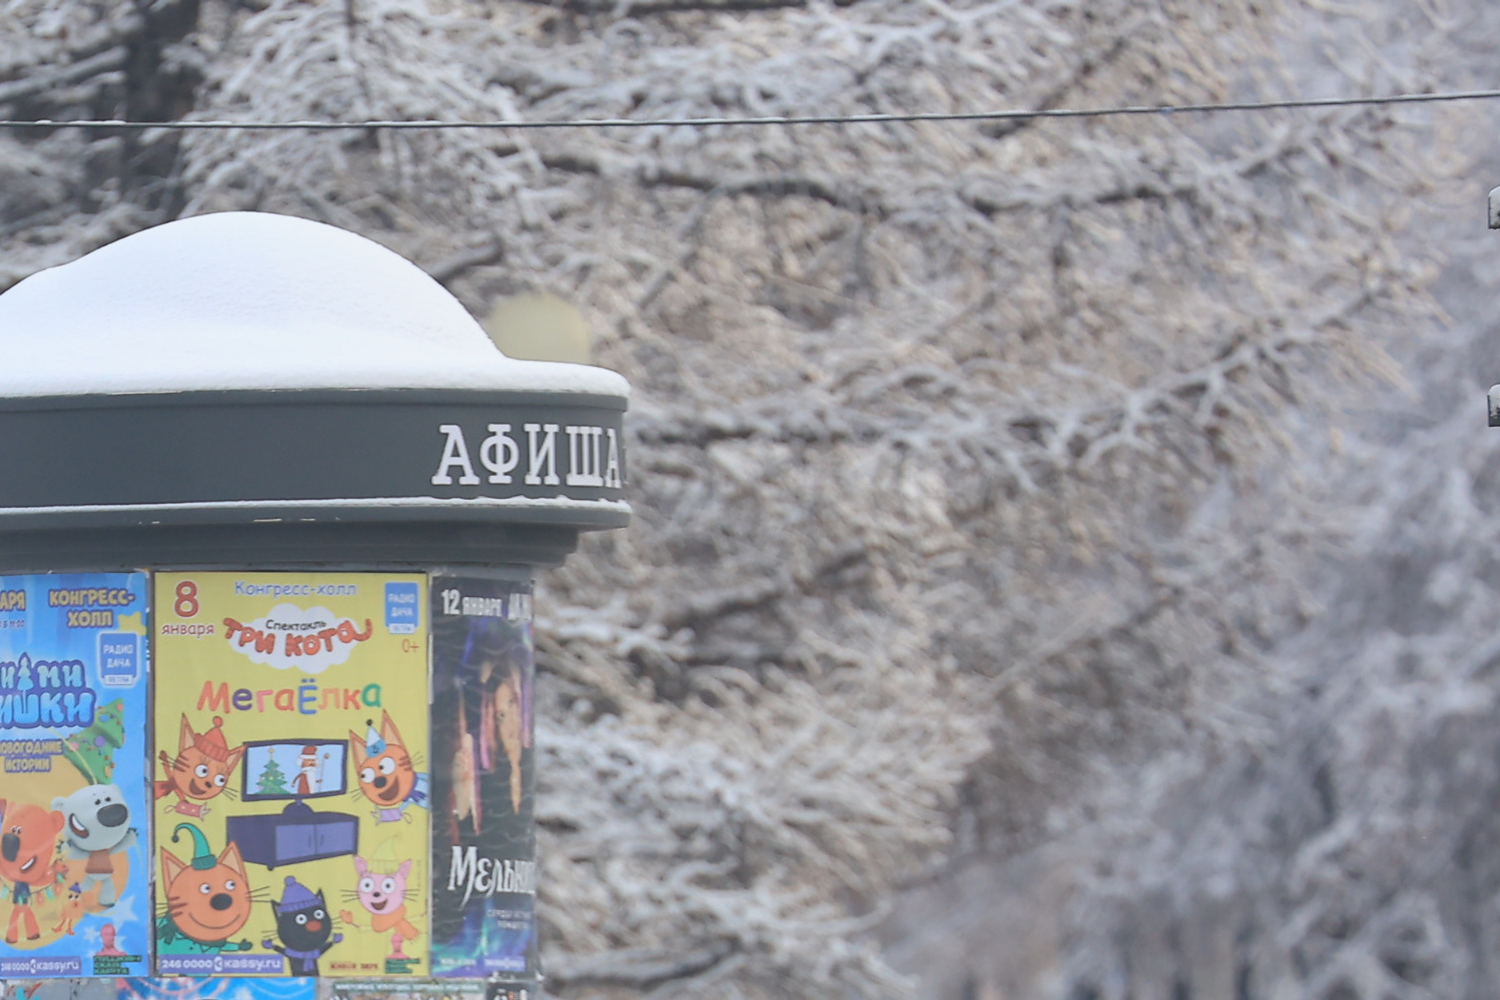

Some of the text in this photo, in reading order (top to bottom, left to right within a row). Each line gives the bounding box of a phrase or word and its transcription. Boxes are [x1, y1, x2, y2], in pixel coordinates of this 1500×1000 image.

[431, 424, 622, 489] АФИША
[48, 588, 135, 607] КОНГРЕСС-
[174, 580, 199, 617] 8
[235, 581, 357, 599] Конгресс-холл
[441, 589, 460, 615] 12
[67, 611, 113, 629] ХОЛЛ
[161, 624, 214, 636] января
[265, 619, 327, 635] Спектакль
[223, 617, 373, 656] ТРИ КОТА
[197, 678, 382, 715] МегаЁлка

* * *

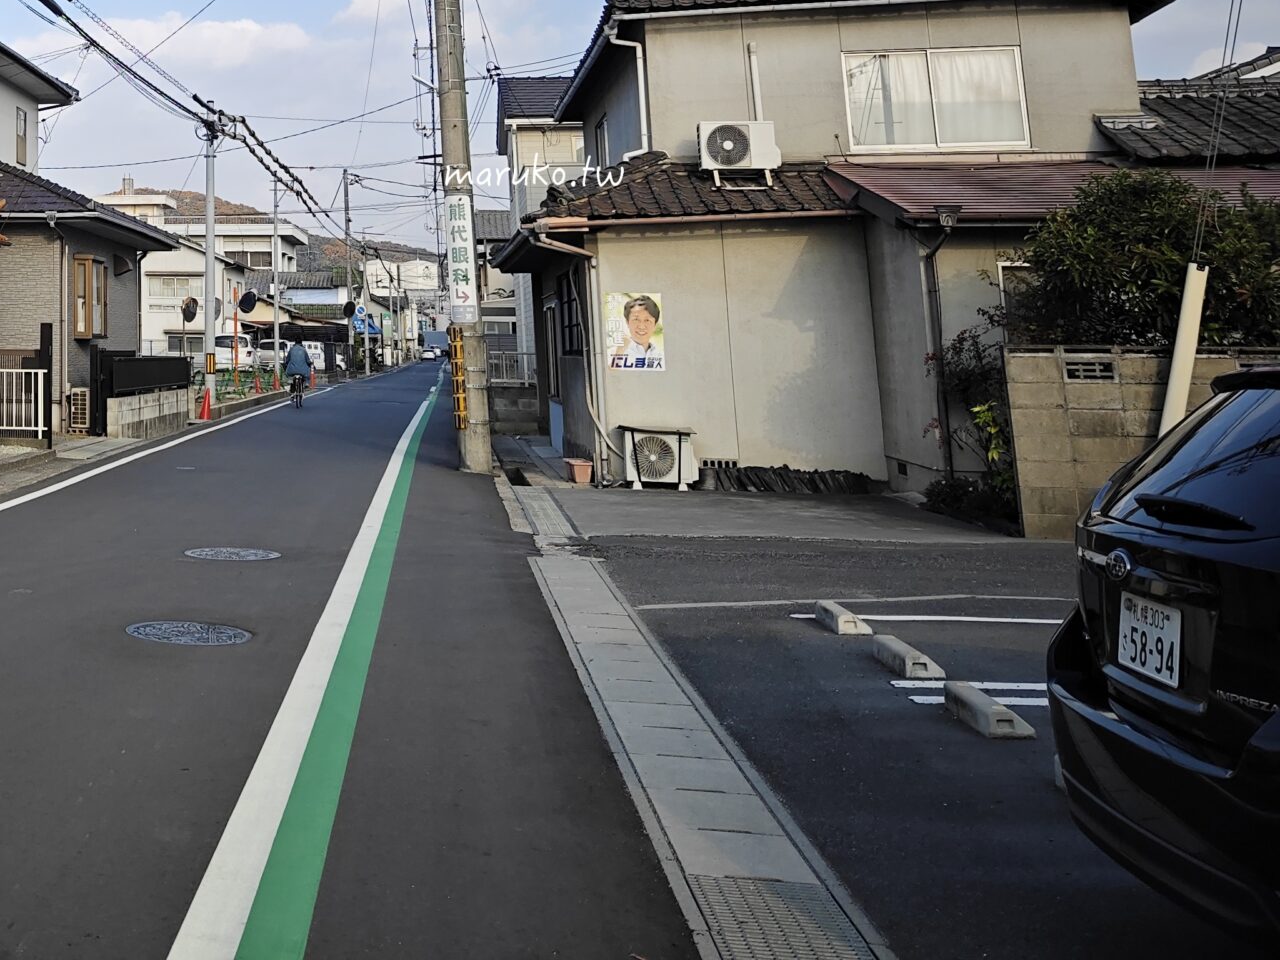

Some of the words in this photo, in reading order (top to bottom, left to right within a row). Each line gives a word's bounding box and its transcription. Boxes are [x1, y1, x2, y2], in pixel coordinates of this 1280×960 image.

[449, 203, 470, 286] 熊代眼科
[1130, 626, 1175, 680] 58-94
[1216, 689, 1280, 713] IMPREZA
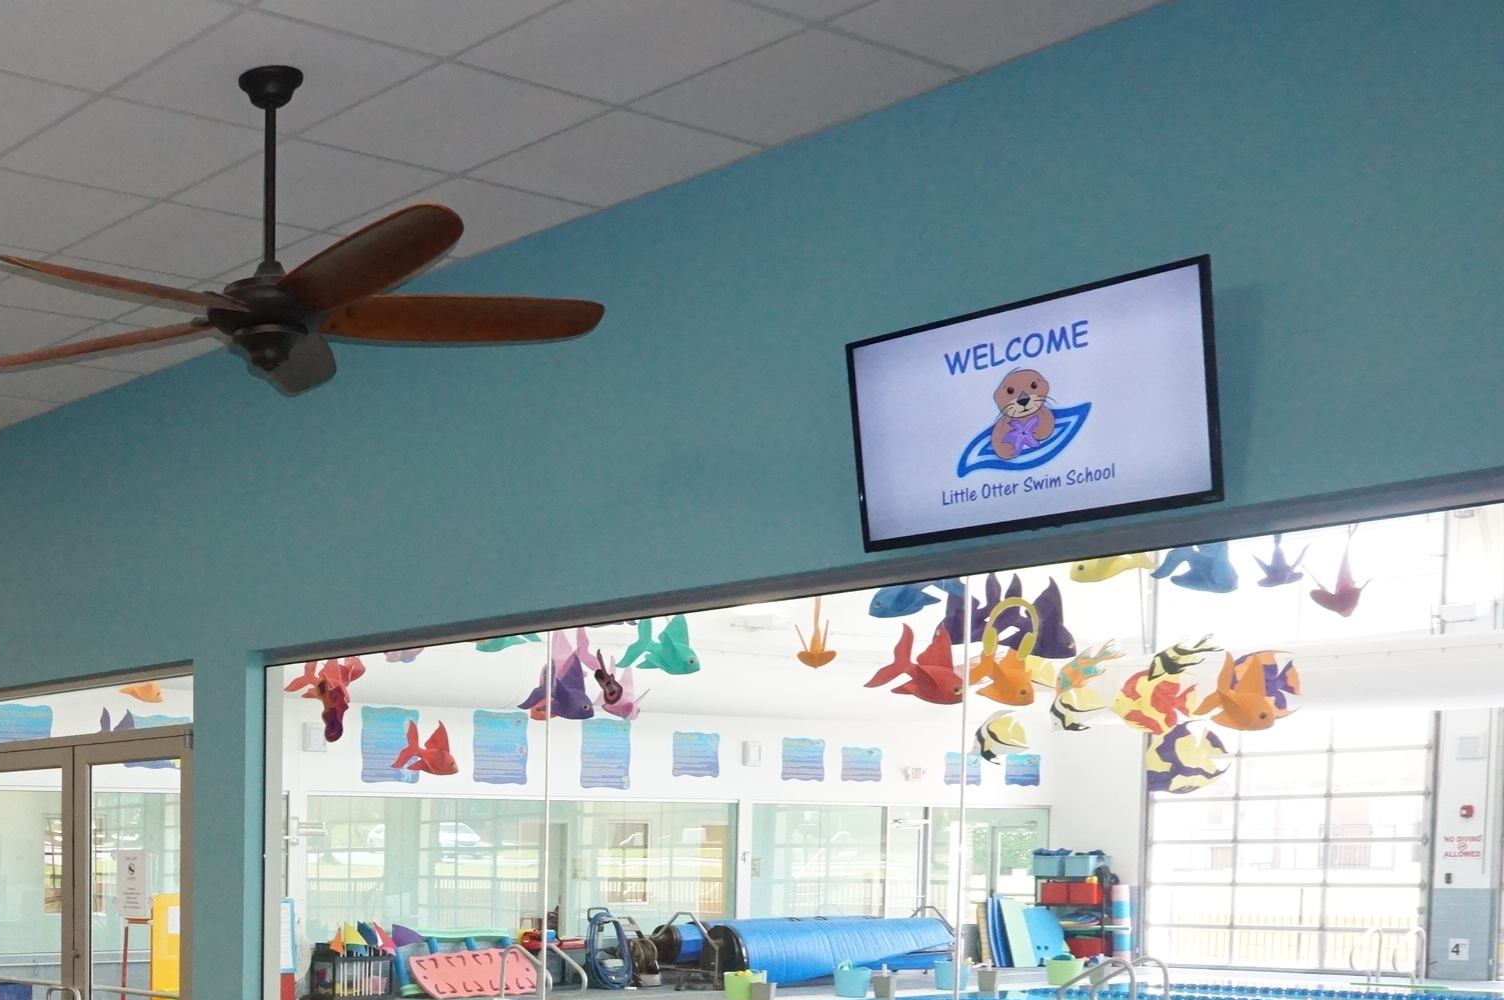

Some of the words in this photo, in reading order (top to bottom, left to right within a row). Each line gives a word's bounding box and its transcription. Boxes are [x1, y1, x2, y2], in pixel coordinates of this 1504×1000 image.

#### [EXERCISE DIRECTIONS]
Using the data above, which lines fall from the one with "this 1280×960 image." through the one with "this 1504×1000 image."? Repeat them exactly, ends included, minus any pictures.

#### [FINAL ANSWER]
Some of the words in this photo, in reading order (top to bottom, left to right within a row). Each line gives a word's bounding box and its transcription. Boxes are [x1, y1, x2, y2], in pixel coordinates of this 1280×960 image.

[449, 203, 470, 286] 熊代眼科
[1130, 626, 1175, 680] 58-94
[1216, 689, 1280, 713] IMPREZA

Some of the words in this photo, in reading order (top to bottom, left to right within a row). Each line gives a word's bounding box and its transcription. Boxes are [x1, y1, x2, y2], in pixel coordinates of this 1504×1000 image.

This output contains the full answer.